__Aim of the exercise__.
Your copy of the data should match it exactly, leaving out only the pictures.

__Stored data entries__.
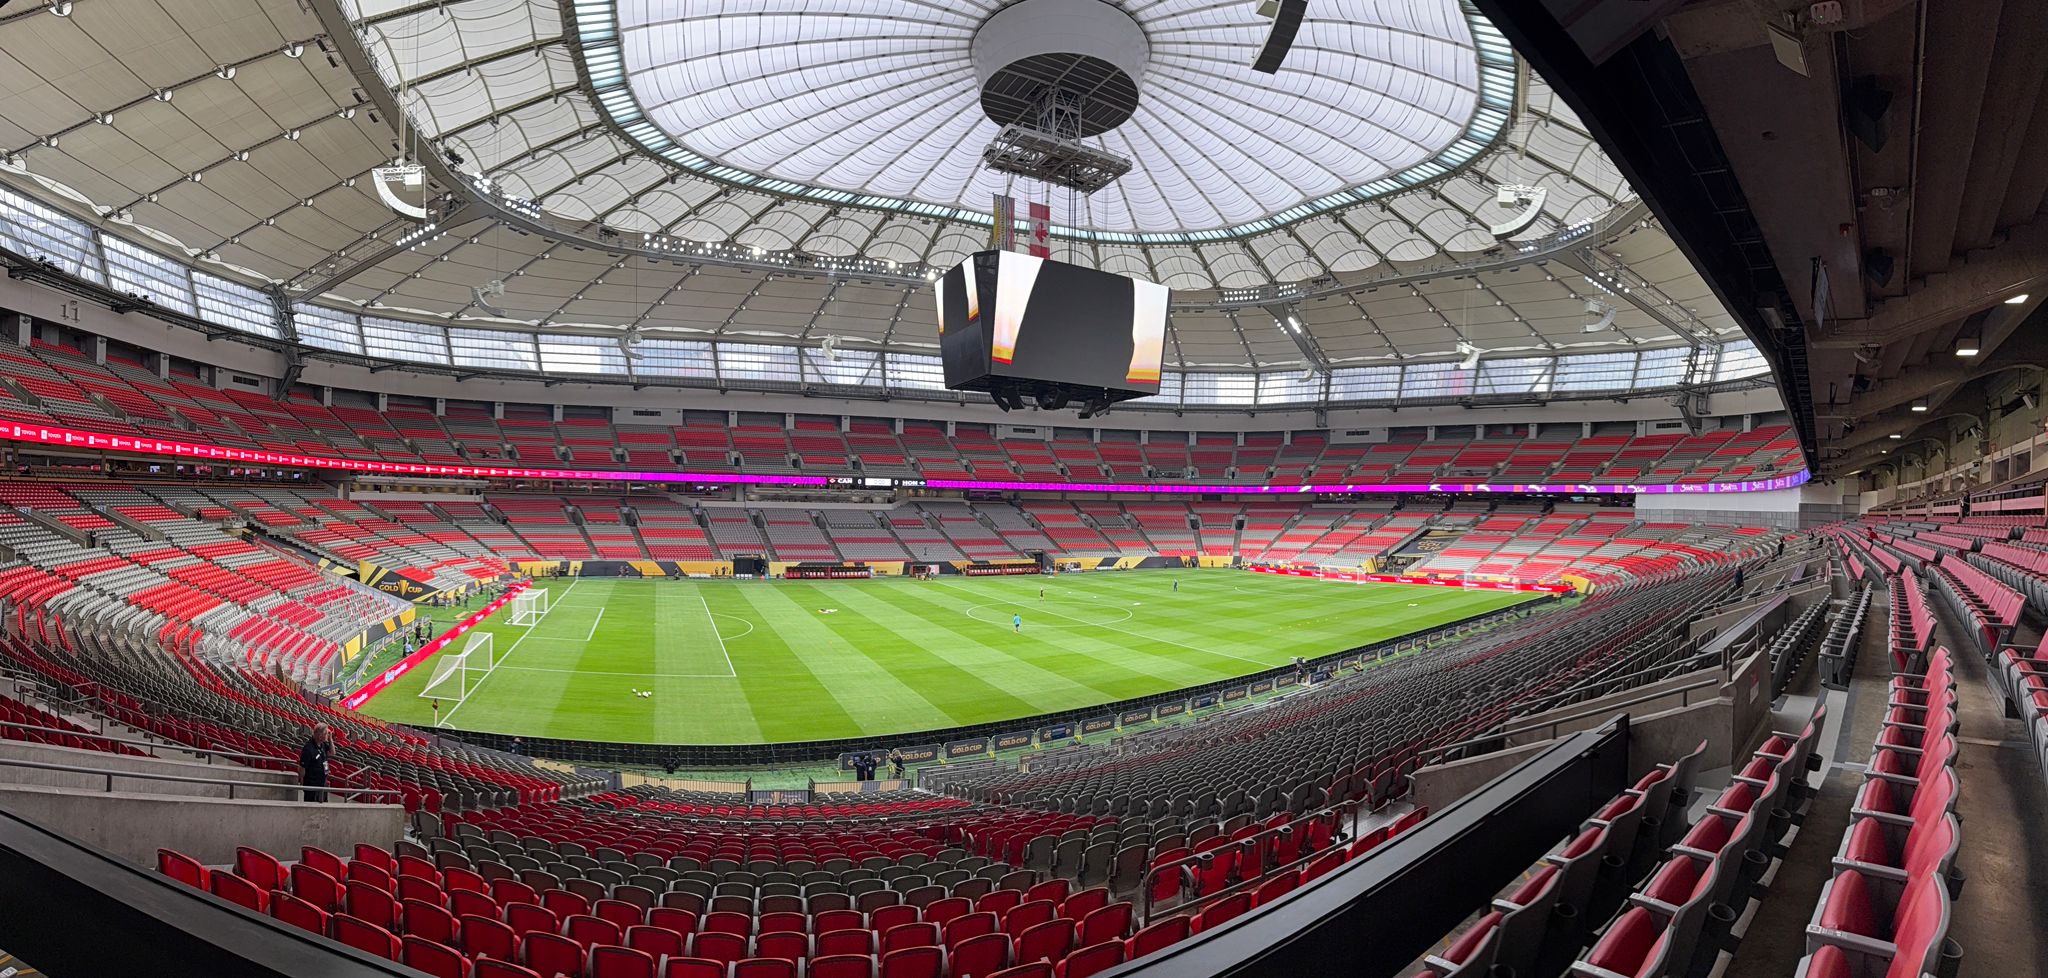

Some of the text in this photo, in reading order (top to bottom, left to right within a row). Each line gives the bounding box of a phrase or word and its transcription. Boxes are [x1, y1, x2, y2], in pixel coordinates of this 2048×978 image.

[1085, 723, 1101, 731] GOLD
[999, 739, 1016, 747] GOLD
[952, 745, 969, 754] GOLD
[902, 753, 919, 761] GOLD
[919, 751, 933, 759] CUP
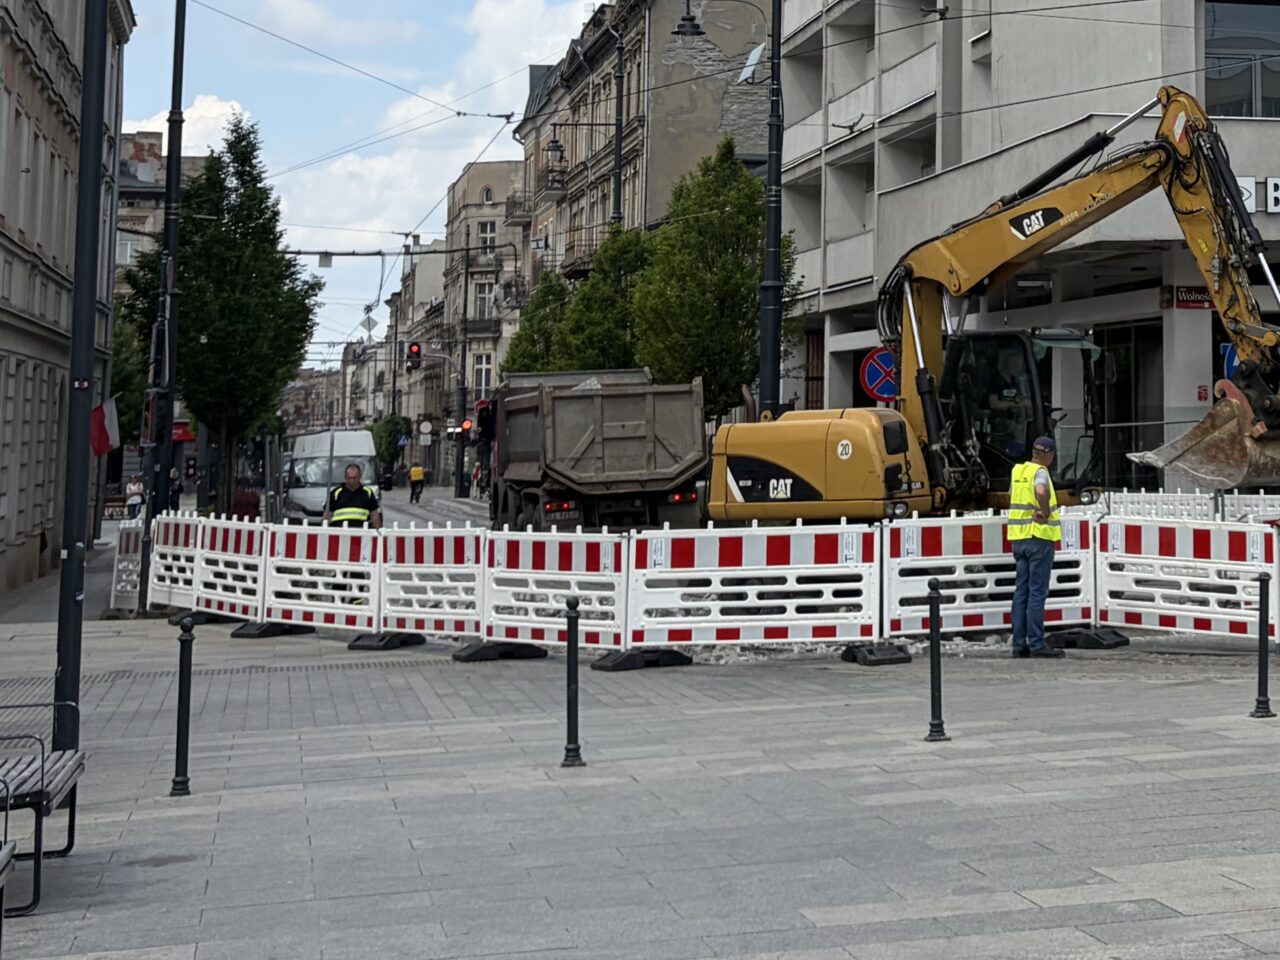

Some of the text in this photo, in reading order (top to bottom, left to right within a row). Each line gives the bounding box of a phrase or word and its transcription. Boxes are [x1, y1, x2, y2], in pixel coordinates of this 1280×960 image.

__Answer to the problem__.
Some of the text in this photo, in reading order (top to bottom, left to right within a row). Each line gives the bounding box of a phrase or word and its transcription. Boxes are [x1, y1, x2, y2], in pixel coordinates of this 2048×978 image.

[1085, 723, 1101, 731] GOLD
[999, 739, 1016, 747] GOLD
[952, 745, 969, 754] GOLD
[902, 753, 919, 761] GOLD
[919, 751, 933, 759] CUP

Some of the text in this photo, in reading order (top to bottom, left to right within a row). Each line gives the bounding box of a phrase or word and its transcription. Boxes are [x1, y1, x2, y2], in pixel coordinates of this 1280×960 image.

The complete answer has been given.